The taxi left immediately and I stayed. To run means to risk being shot, so I decided to go and talk. He asked who they were — first “unmasked”, and then said: “We are “Tver wolves.” I asked permission to shoot them — they called somewhere and then allowed to shoot. I was then talking to a militant in a big sheepskin hat with a beard, he said literally the following: “I am a Kazakh, I came to save the Orthodox from the Greek Catholics.” Later I found out it was a dingo.


It was on that day, by the way, that a force operation to strip Slavyansk was planned, but for some reason it was canceled. At the same time near Semenivka (village in Kramatorsk district in Donetsk region — N.B. ed.) armed militants attacked the SBU group “Alpha”. The first to die was the captain of the “Alpha” Gennady Bilichenko.


During these events at the same place, senior lieutenant Vadim Sukharevsky made the first combat shot in this war. He actually broke the order not to open fire and saved the Alfives.
I arrived at the scene after everything had happened. On the spot stood a shot blue Volkswagen — an Alpha service car, and beside it — pools of blood.

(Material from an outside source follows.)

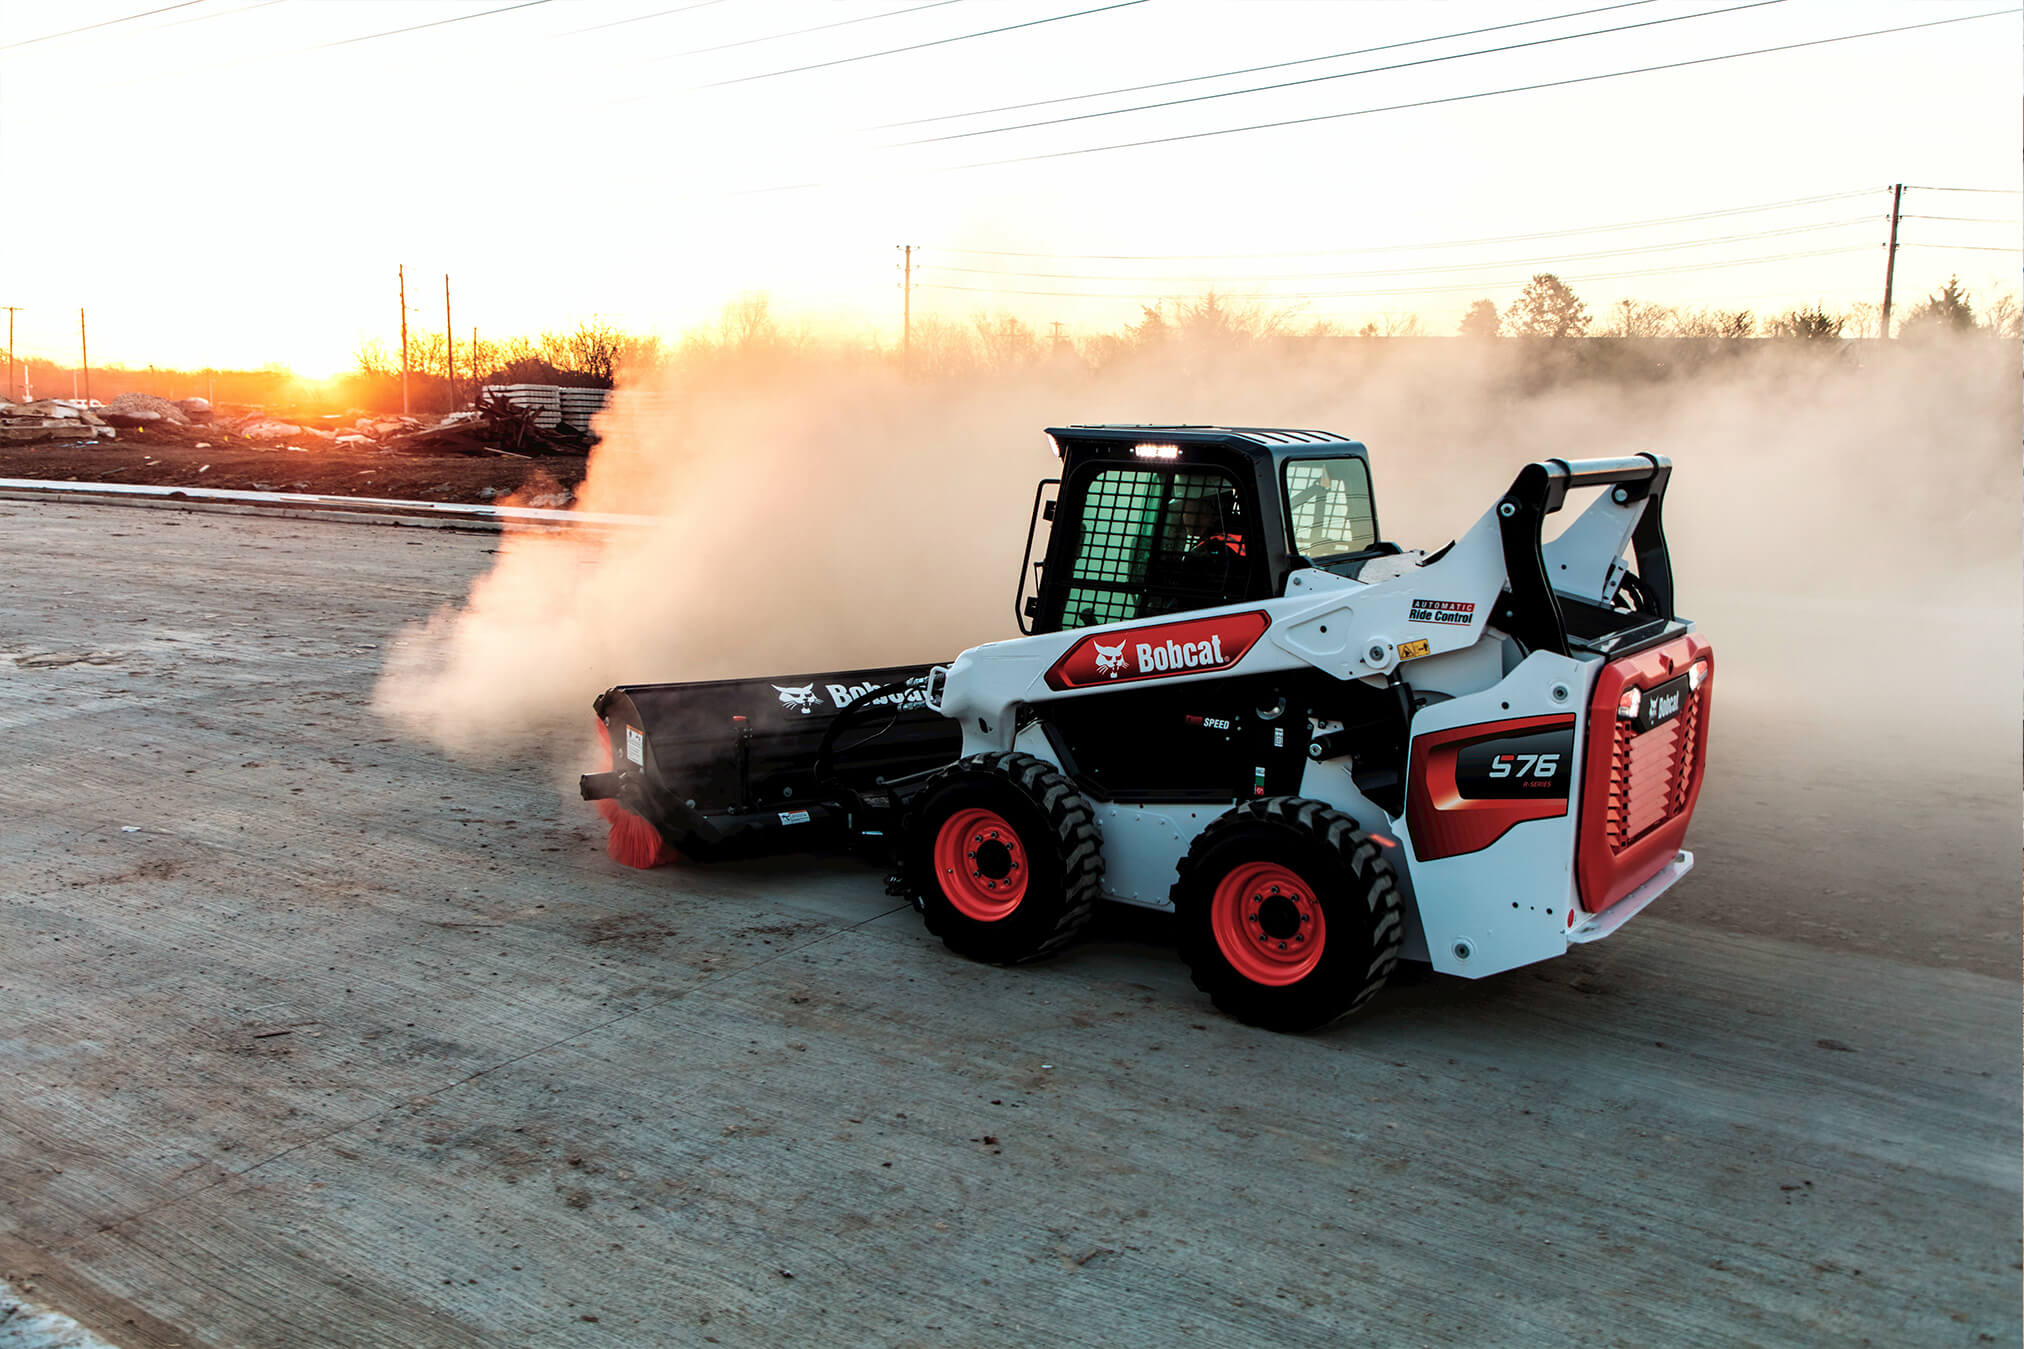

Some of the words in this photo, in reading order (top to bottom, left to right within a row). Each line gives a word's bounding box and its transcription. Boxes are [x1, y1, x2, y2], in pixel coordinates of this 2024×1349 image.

And the next day, a rally was held in the city, at which Nelia Shtepa, an odious local mermaid, spoke. After the rally there was a “brotherhood”: locals came to take pictures with armed people, brought children.




I remember that our An-26 reconnaissance plane flew over the city hall of Slavyansk. The flag of Russia and the flag of the Donetsk region were then raised on the building, but later the Russian flag was removed - apparently, they decided not to annoy.

I recorded all this, and now we can say openly that it all started with a small sabotage group that entered Donetsk region on April 12, and then spun off.
On April 14, it was announced the start of the Anti-Terrorist Operation, and on the 15th we went to Kharkiv region to search for Ukrainian troops with a few more cameras. At the checkpoint at the entrance to Barvinkove, I saw the Ukrainian flag for the first time in many days, and then under Izyum — new BTRs with soldiers and Ukrainian flags. After all the Russian darkness that raged in the Donetsk region, emotions were overwhelming.


— I looked through your archive and want to clarify: one of the photos shows how the military in oak camouflage are riding on tanks. Somewhere on armored vehicles Ukrainian flags, and somewhere - St. George's ribbons. So who was it? Ukrainian military or Russian?
— These were the events of April 16. The spring of 2014 then developed stunningly. Every day something happened that was hard to believe: in your country — shooting, armed people in the streets... I remember, in Slavyansk on April 12, a car was shot near the hotel “Ukraine” — people were killed. I don't know who it was — special agents or SBU officers — but they were just killed on the street. Then random passers-by took their documents out of the car. One young man stood on the opposite side of the street — a bullet hit his jaw, he went to the hospital.
What you are talking about — BMD, “Noni” (self-propelled artillery installation 2S9 “Nona-S” — N.B. ed.), military — it was April 16. Then our paratroopers from the 25th Brigade went to Kramatorsk to block the airfield. This is a strategic object, and it had to be held so that, conditionally speaking, Russia could not “fly”. Then a serious operation was already being prepared, the paratroopers went in several columns. One of them was stopped just near the railway station of Kramatorsk. Local people came there — women, children, began to surround armored vehicles, shouting that they were peaceful, that you could not shoot. And then they arrived “at the very end” - and the equipment was simply lost.

This column that you see in the photo — the one that goes down Kramatorska Street in Slavyansk with Russian flags — that's it. It had both Ukrainian soldiers and Russian special forces, possibly volunteers. Then on this technique they went to Slavyansk. I heard that then the Ukrainian soldiers were released.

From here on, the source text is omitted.